Forse, invece, dovrebbe partire proprio dalla donna una rivalutazione della terza o quarta età, innanzitutto come emancipazione dall'obbligo biologico e sociale di produrre e riprodurre. Penso ad una sorta di De senectute al femminile, capace di diffondere un messaggio positivo per tutti attraverso la possibilità di centrare nuovamente l'attenzione su se stessi e sui valori coltivati nel corso di molti anni. Un messaggio che naturalmente porta con sé, come corollario, il superamento della paura di invecchiare: forse per la donna, da sempre culturalmente indotta a presentarsi a tutti i costi come gradevole e seducente, questo è tuttora il passaggio meno facile.

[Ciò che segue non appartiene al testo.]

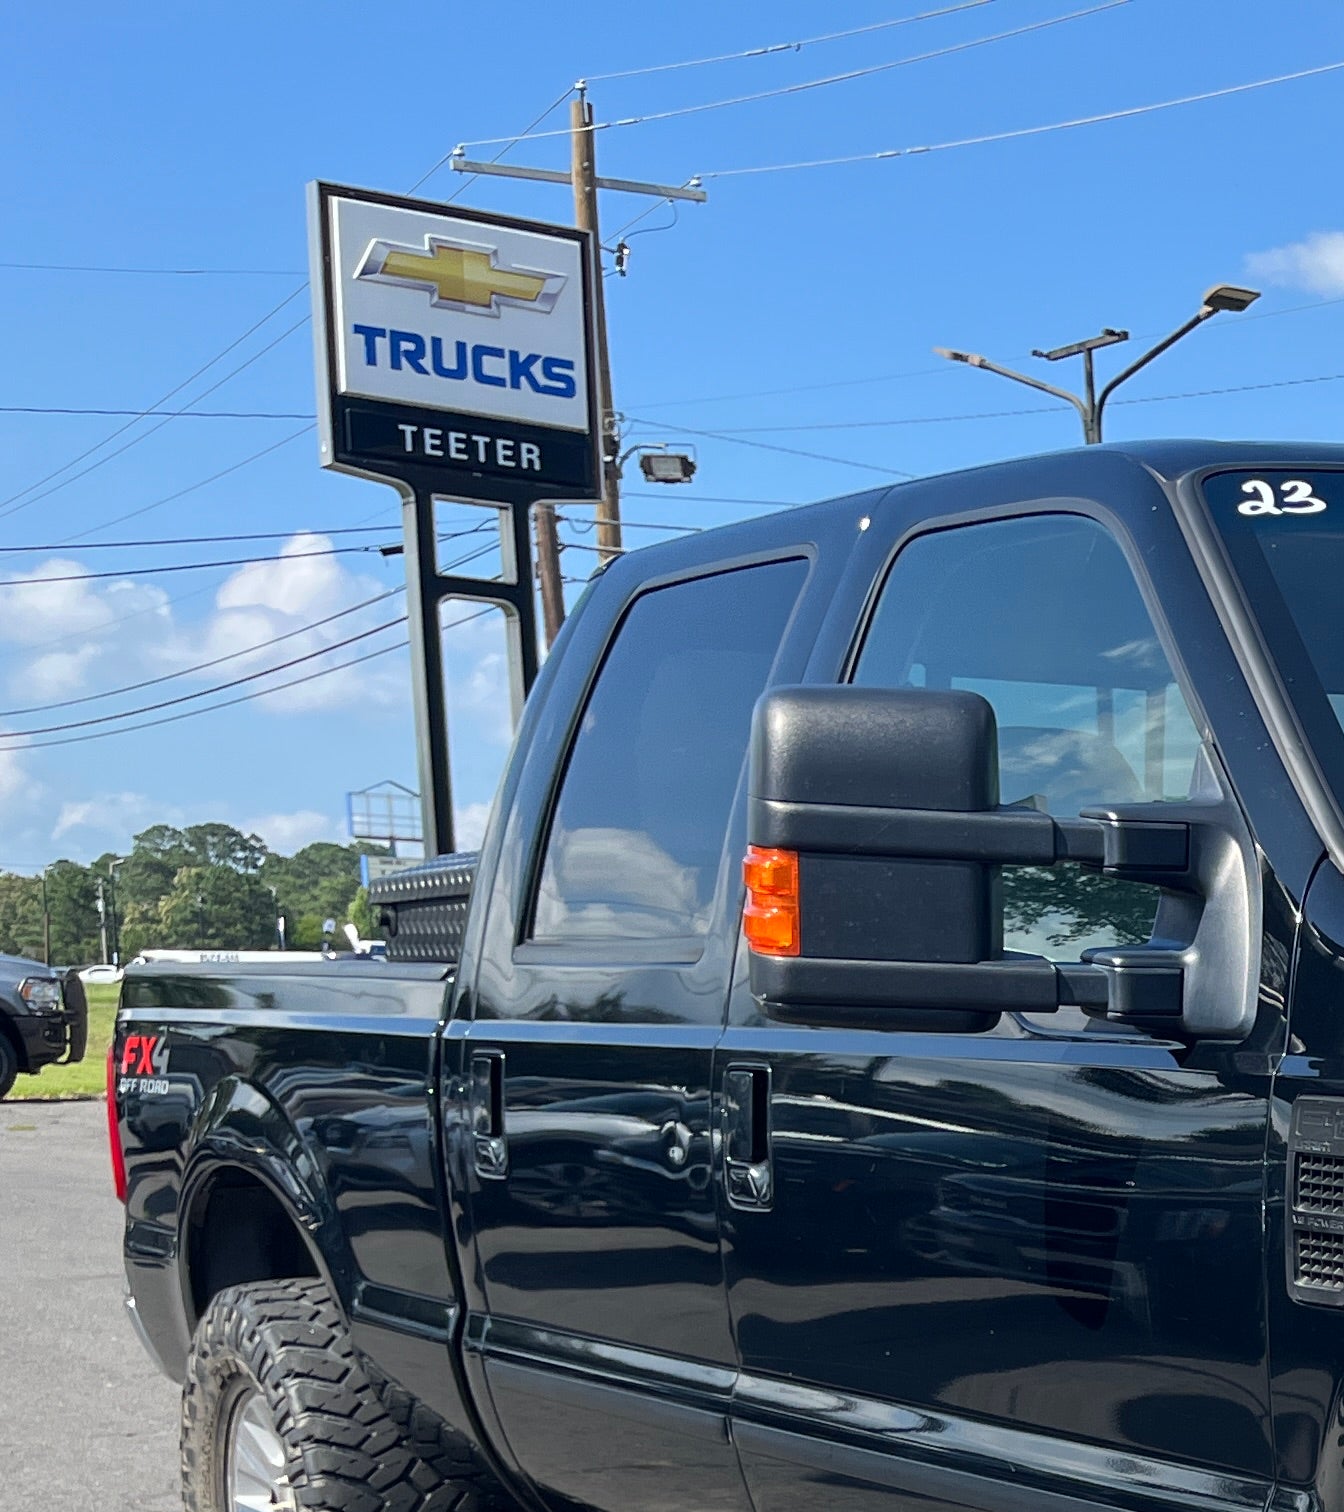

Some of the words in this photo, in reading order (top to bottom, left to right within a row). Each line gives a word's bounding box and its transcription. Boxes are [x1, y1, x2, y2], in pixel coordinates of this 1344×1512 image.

[353, 323, 577, 399] TRUCKS
[397, 423, 543, 472] TEETER
[1237, 480, 1327, 515] 23
[121, 1034, 170, 1076] FX4
[119, 1077, 138, 1093] OFF
[139, 1078, 170, 1095] ROAD
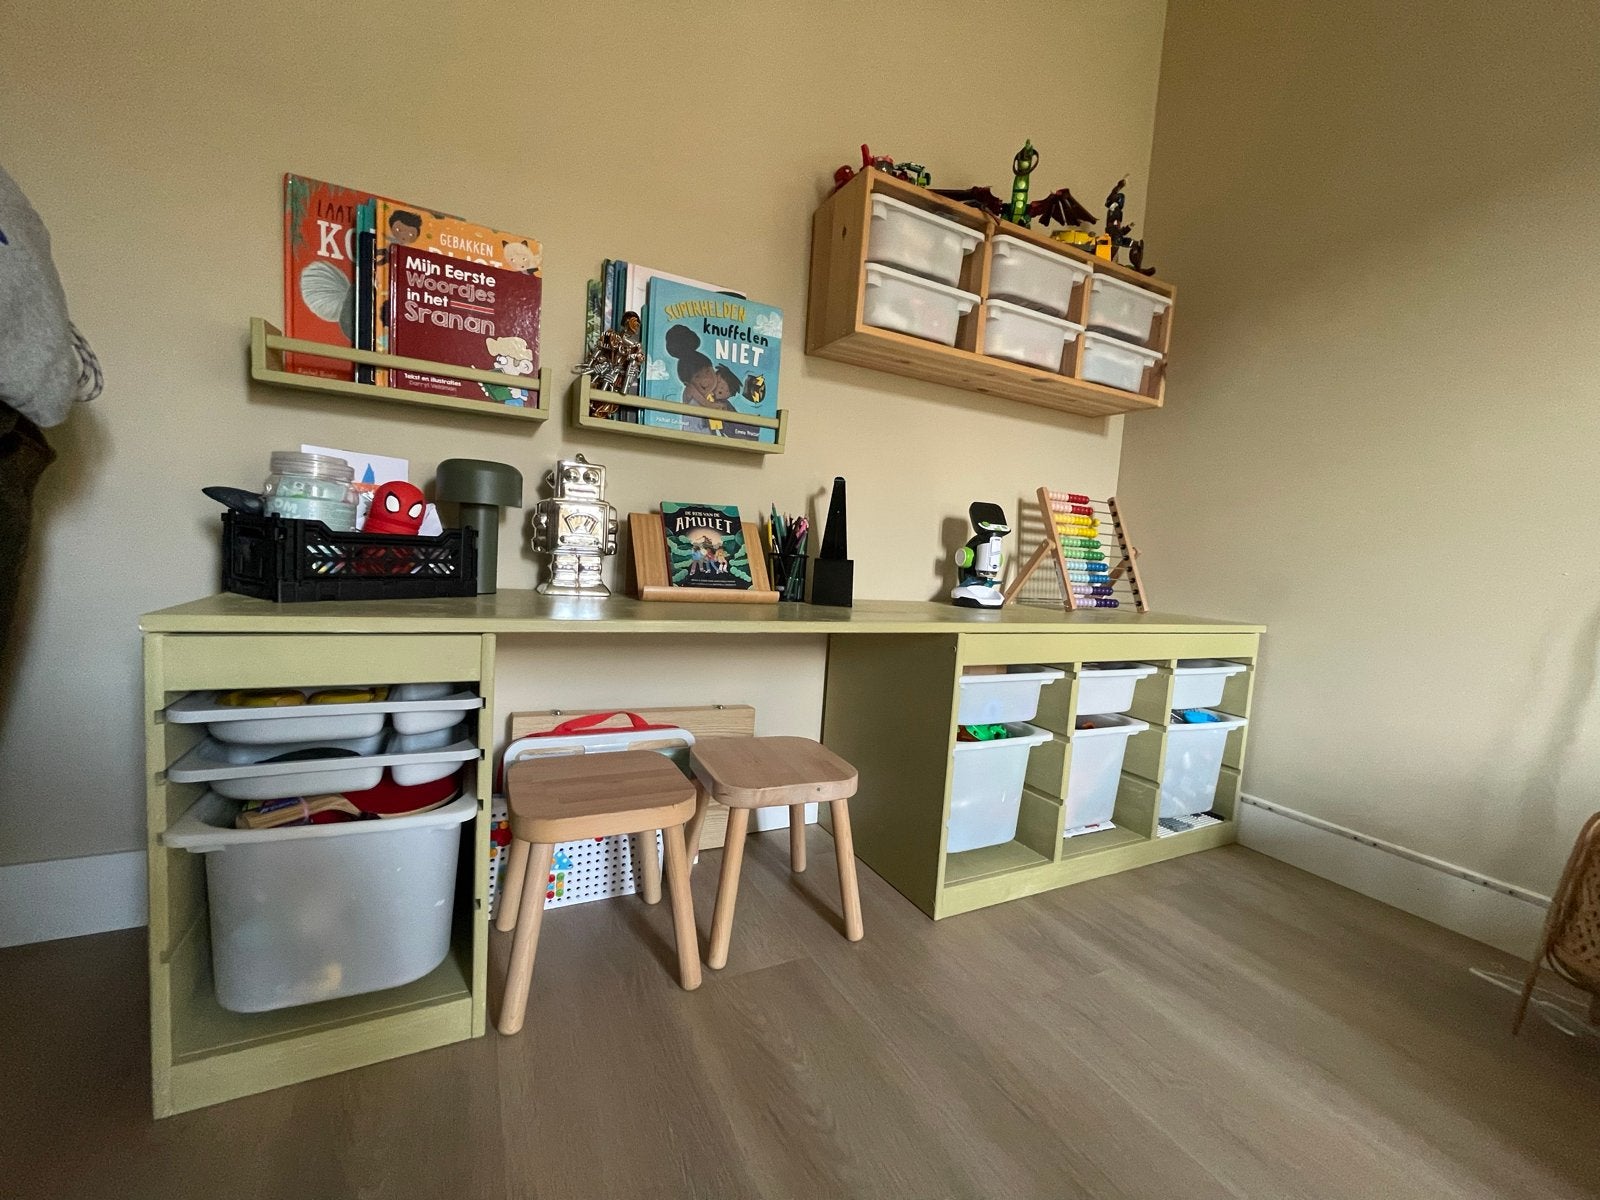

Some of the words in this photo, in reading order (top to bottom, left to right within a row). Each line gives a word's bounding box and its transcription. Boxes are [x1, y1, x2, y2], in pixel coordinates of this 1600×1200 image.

[317, 199, 354, 224] LAAT
[440, 233, 494, 258] GEBAKKEN
[405, 256, 441, 276] Mijn
[445, 264, 496, 287] Eerste
[405, 270, 496, 304] Woordjes
[406, 288, 420, 302] in
[424, 291, 449, 307] het
[404, 300, 495, 336] Sranan
[664, 300, 746, 323] SUPERHELDEN
[703, 318, 769, 347] knuffelen
[715, 339, 764, 367] NIET
[675, 516, 733, 534] AMULET
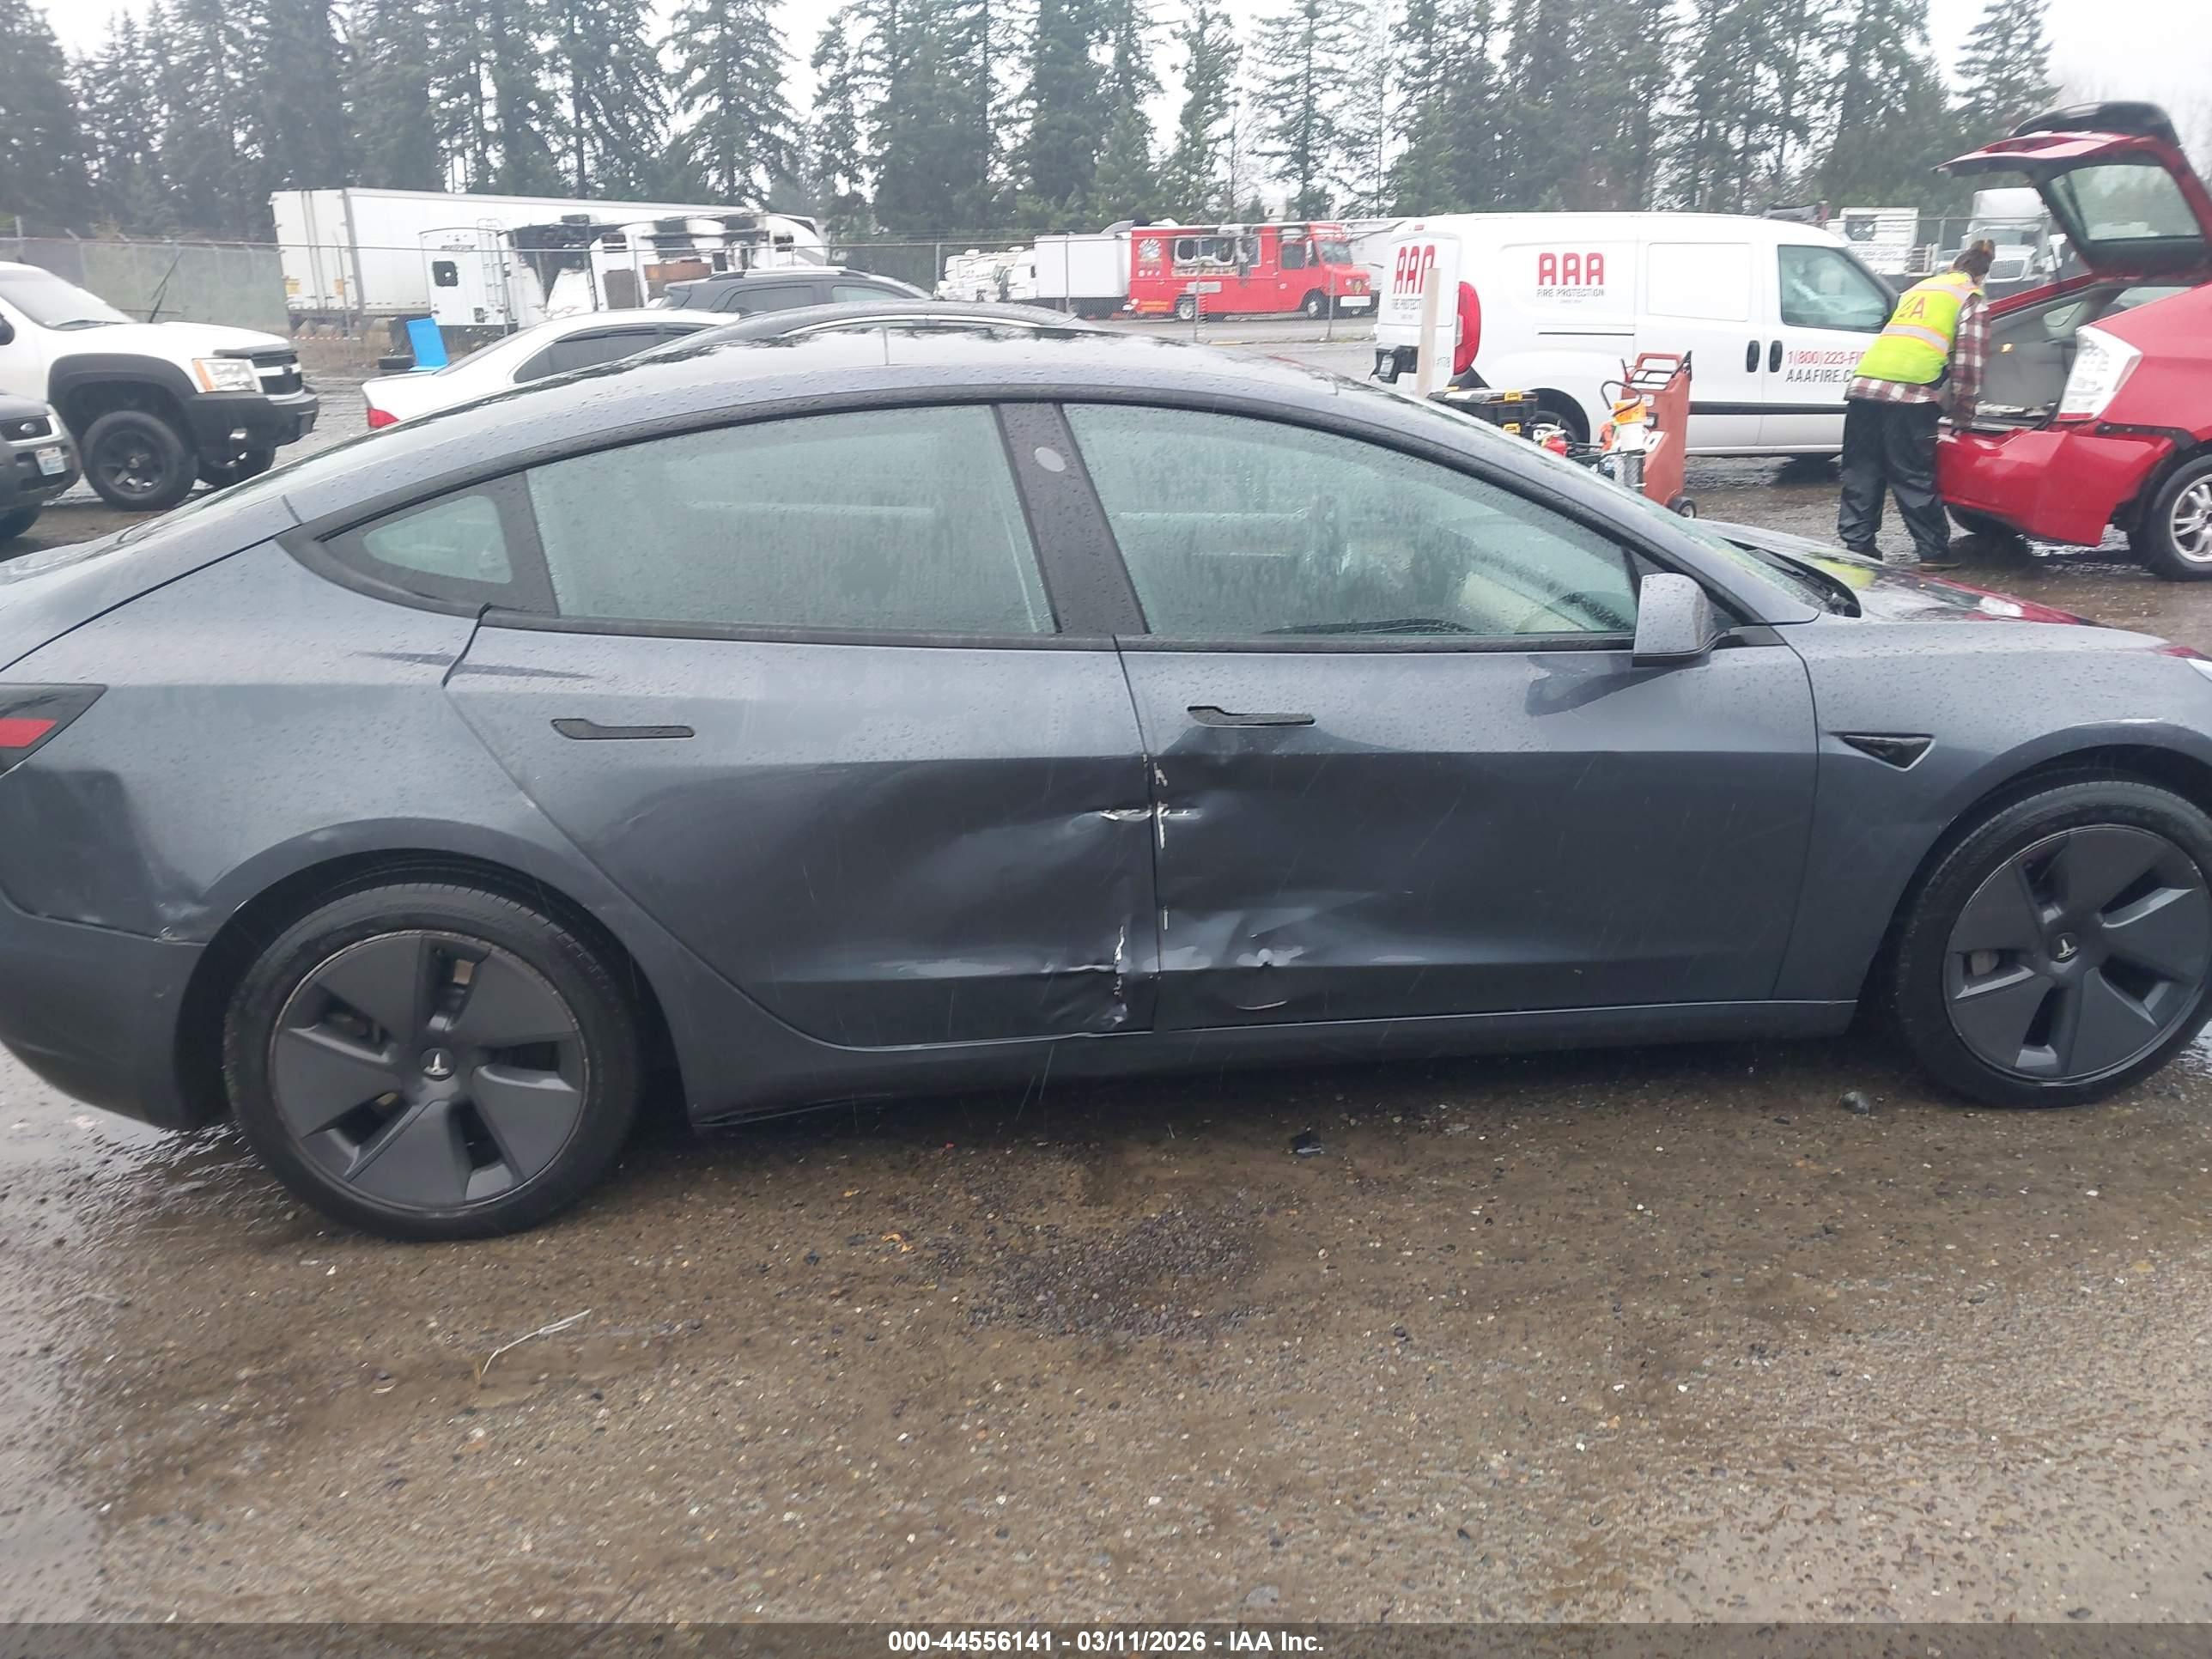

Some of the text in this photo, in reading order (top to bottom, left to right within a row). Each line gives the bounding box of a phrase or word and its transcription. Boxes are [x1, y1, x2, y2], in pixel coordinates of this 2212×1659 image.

[1538, 252, 1604, 285] AAA
[1536, 288, 1605, 297] FIRE PROTECTION

Dipende da noi, come sempre, ribaltare punti di vista che non sono affatto "oggettivi", ma semplice residuo di una retorica di matrice autoritaria e ideologica. Pensiamo al fascino di Rita Levi Montalcini, al carisma di Lalla Romano nei suoi ultimi luminosi anni, e capiremo come sia davvero possibile una "trasvalutazione" della tarda età. Non ricordo se il protagonista del "sogno" di Kurosawa fosse un uomo o una donna, ma mi piace pensare a quest'ultima ipotesi: che il regista abbia reso omaggio alla saggezza di chi, proprio per aver ricevuto in sorte il dono e il peso di trasmettere la vita, al limitare di essa sia un exemplum - non di mortificazione per aver smesso di erogare risorse all'esterno, ma di fierezza, per poterle finalmente restituire a sé. Produrre e prendersi cura, dare la vita e migliorarla con il proprio lavoro quotidiano: due importanti impegni conclusi, quindi perfecti, avrebbero detto i latini. Il segno di una duplice, speciale libertà.